- [Data shown]
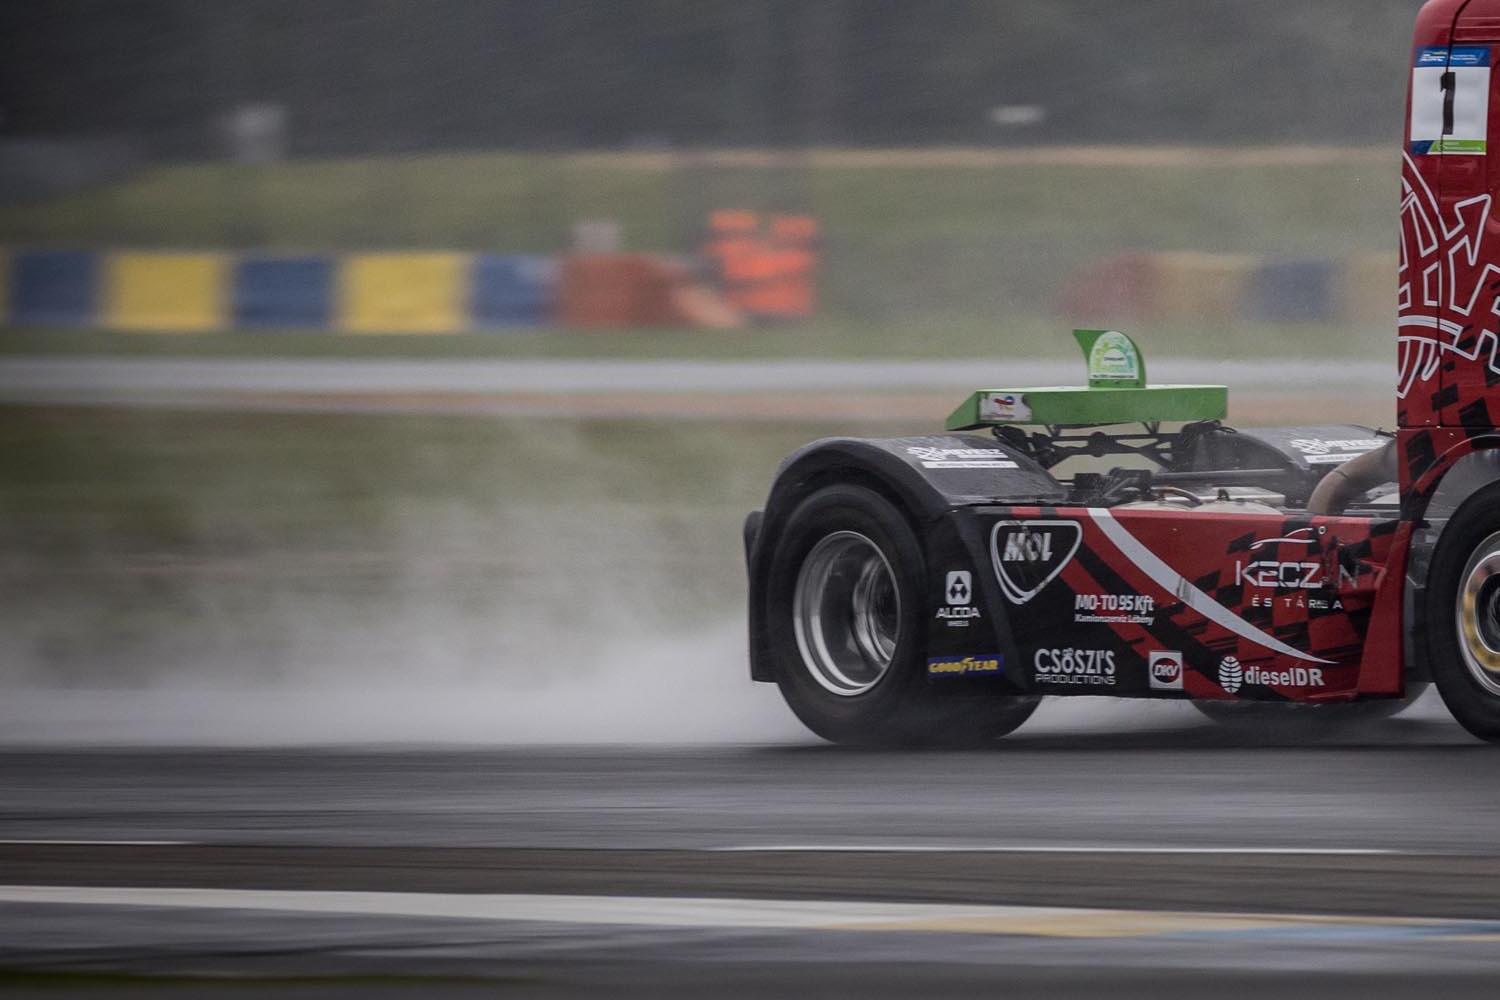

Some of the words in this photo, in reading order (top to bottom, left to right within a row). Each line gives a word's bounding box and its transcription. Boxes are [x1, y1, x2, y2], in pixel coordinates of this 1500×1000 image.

[1440, 72, 1456, 135] 1
[1118, 595, 1133, 611] 95
[1134, 595, 1154, 615] Kft
[928, 657, 998, 674] GOODYEAR
[1154, 664, 1178, 676] DKV
[1035, 673, 1116, 685] PRODUCTIONS
[1244, 666, 1326, 686] dieselDR

- [Task item]
Your answer must be an exact reproduction of all entries, containing no pictures.

- [The completed task]
Some of the words in this photo, in reading order (top to bottom, left to right within a row). Each line gives a word's bounding box and its transcription. Boxes are [x1, y1, x2, y2], in pixel coordinates of this 1500×1000 image.

[1440, 72, 1456, 135] 1
[1118, 595, 1133, 611] 95
[1134, 595, 1154, 615] Kft
[928, 657, 998, 674] GOODYEAR
[1154, 664, 1178, 676] DKV
[1035, 673, 1116, 685] PRODUCTIONS
[1244, 666, 1326, 686] dieselDR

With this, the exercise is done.